La lingua nella quale scrivi le poesie non ha scrittura e quindi non ha regole codificate che derivano dalla tradizione e dalla contemporaneità e che, nell’astrazione, definiscono il significato. Ma, com’è ovvio, una lingua non è mai chiusa, come non sono chiusi i significati. Una lingua orale ha processi simili ma con un ritmo temporale diverso, a meno che da altre influenze linguistiche non venga sollecitata. Lo scritto in una prosa non poetica può essere sbagliato poiché ha conformità. L’orale non sbaglia mai perché il suo controllo è sociale, sta nello scambio. La tua poesia ovviamente non sbaglia mai, non può sbagliare e tuttavia, sebbene abbia la sua verità nello scambio delle forme di esistenza dominanti, è pur tuttavia soggetta a una memoria.
Tu scrivi in un sapere linguistico che ha una memoria, supponi (per lo più giustamente) che il destinatario della tua lingua, comprenda. E pure è un tesoro linguistico che appartiene alla tua storia: basta che fai la prova con eventuali somiglianze di significato. Se questa “realtà” della lingua di partenza è sempre difficile, in teoria bisognerebbe tentare la simulazione della lingua di partenza, ma questo è impossibile. Non ci sono vite uguali e nemmeno lingue. Bisogna ricorrere alla lingua d’arrivo così codificata e lavorarla sulle possibilità di significato che si avvicinino all’originale. La lingua di puro “servizio comunicativo” perde necessariamente la poesia, questa è la ragione per cui Quasimodo e molti altri sostengono che la traduzione di una poesia è un’altra poesia.
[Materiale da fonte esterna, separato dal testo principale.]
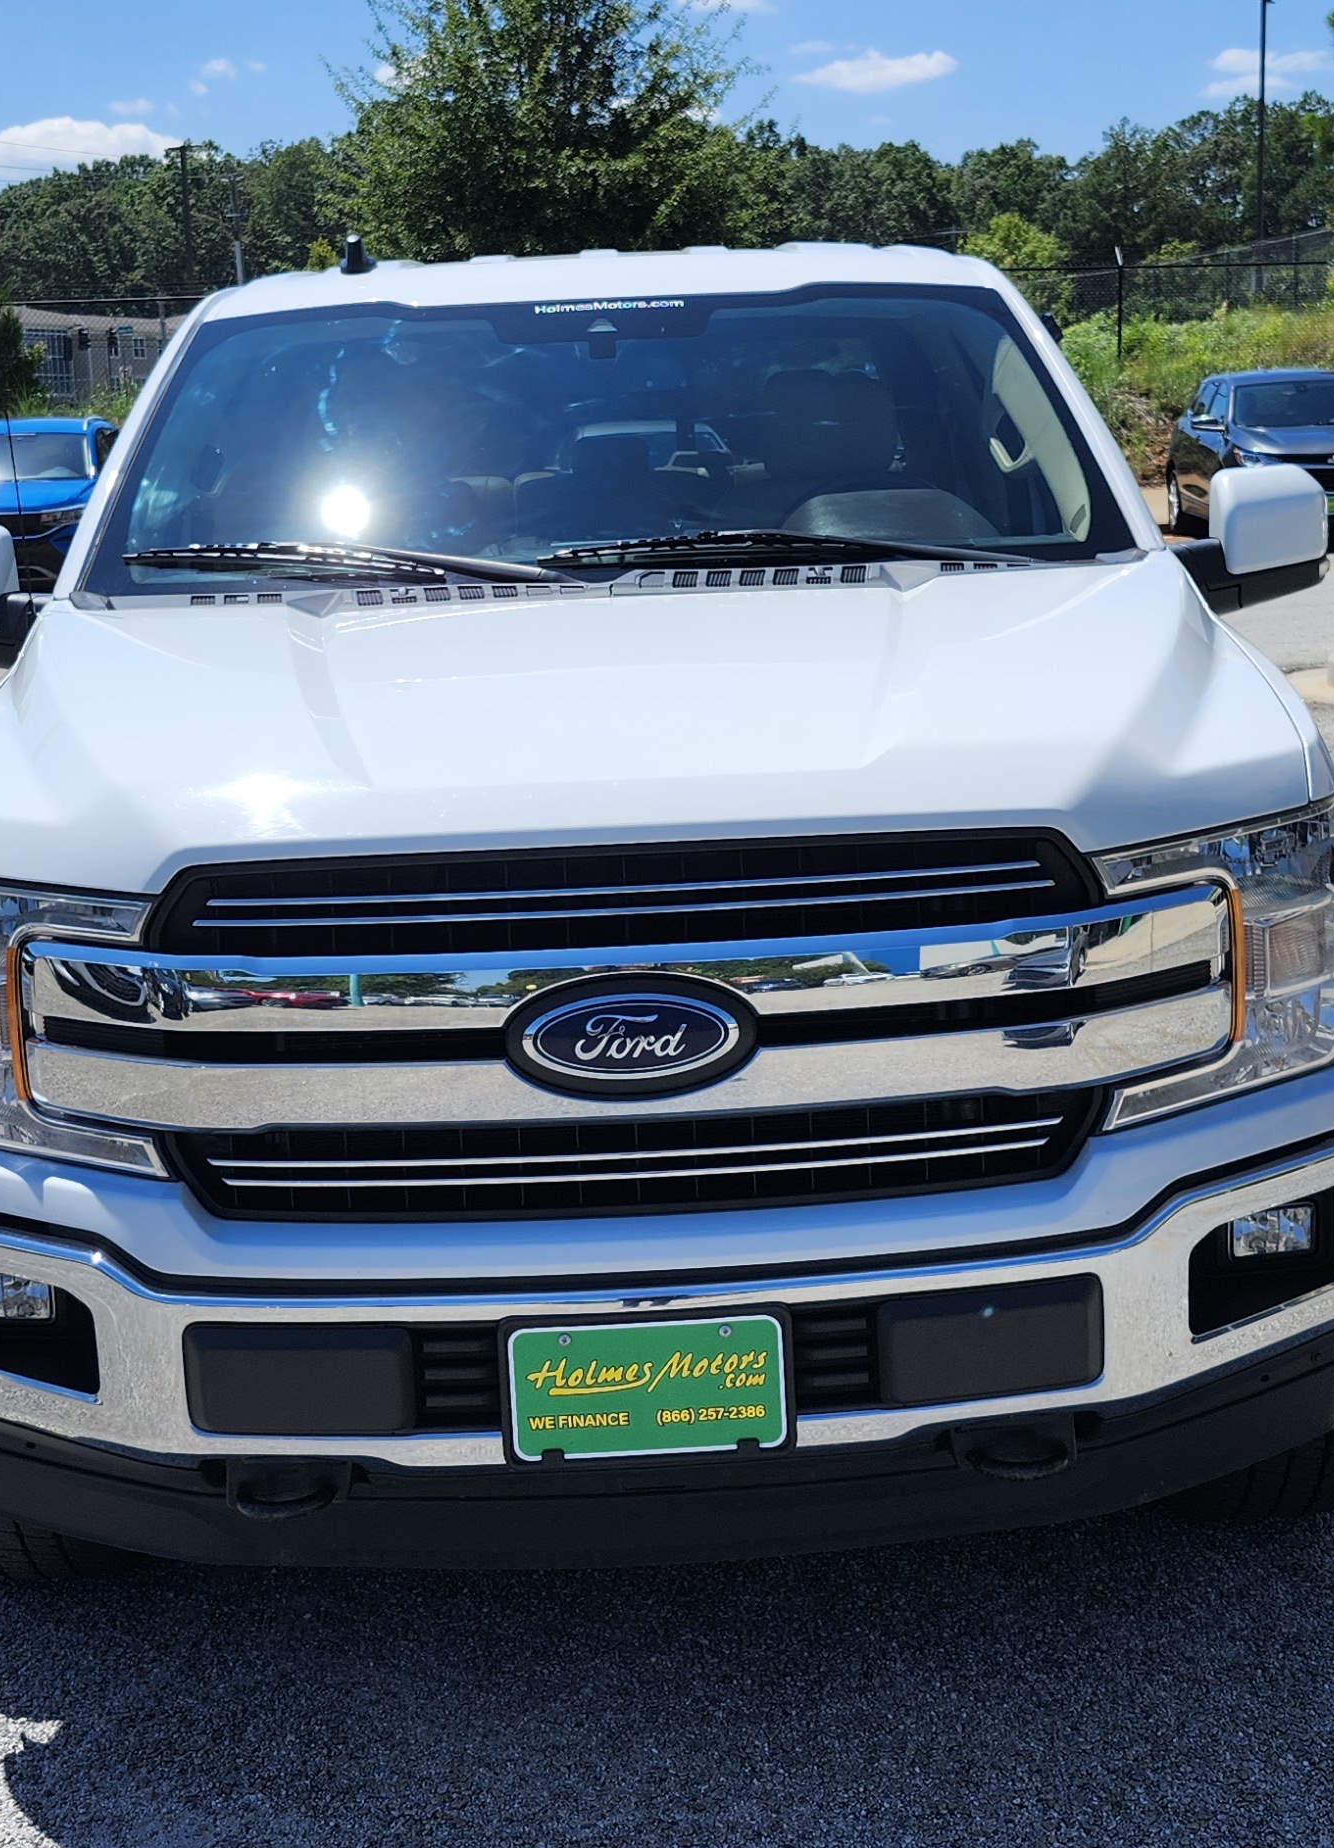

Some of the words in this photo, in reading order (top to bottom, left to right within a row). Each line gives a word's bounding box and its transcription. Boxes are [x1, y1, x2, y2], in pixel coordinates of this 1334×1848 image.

Nel caso tuo (rispetto ai lirici greci di Quasimodo) c’è il vantaggio che prevede la direzione gnomica e quindi è più facile trovare il livello di transito linguistico. In ogni caso bisogna diffidare rispetto a quello che “viene in mente” che è sempre facile e riduttivo. E volta per volta, studiando lo spessore significante della partenza e quello possibile dell’arrivo, cercare la soluzione più idonea, non dimenticando nemmeno l’effetto sonoro che fa parte della trasmissione del significato poetico.
È con tutte queste certezze che ho letto le tue poesie, per di più con l’ostacolo che metti innanzi a tutte queste osservazioni, quando dici: ho scelto un linguaggio “alla Gaccione”. Va bene, eppure una parola ha una sacralità: “se io dico che due ministri sono dei volgari imbecilli”, devo suppore che chi ascolta ne tenga conto. La parola è costretta ad illuminare, “alla Gaccione” è la selezione poetica che viene a galla nel contesto poetico, al di là di ogni codice orale dialettale.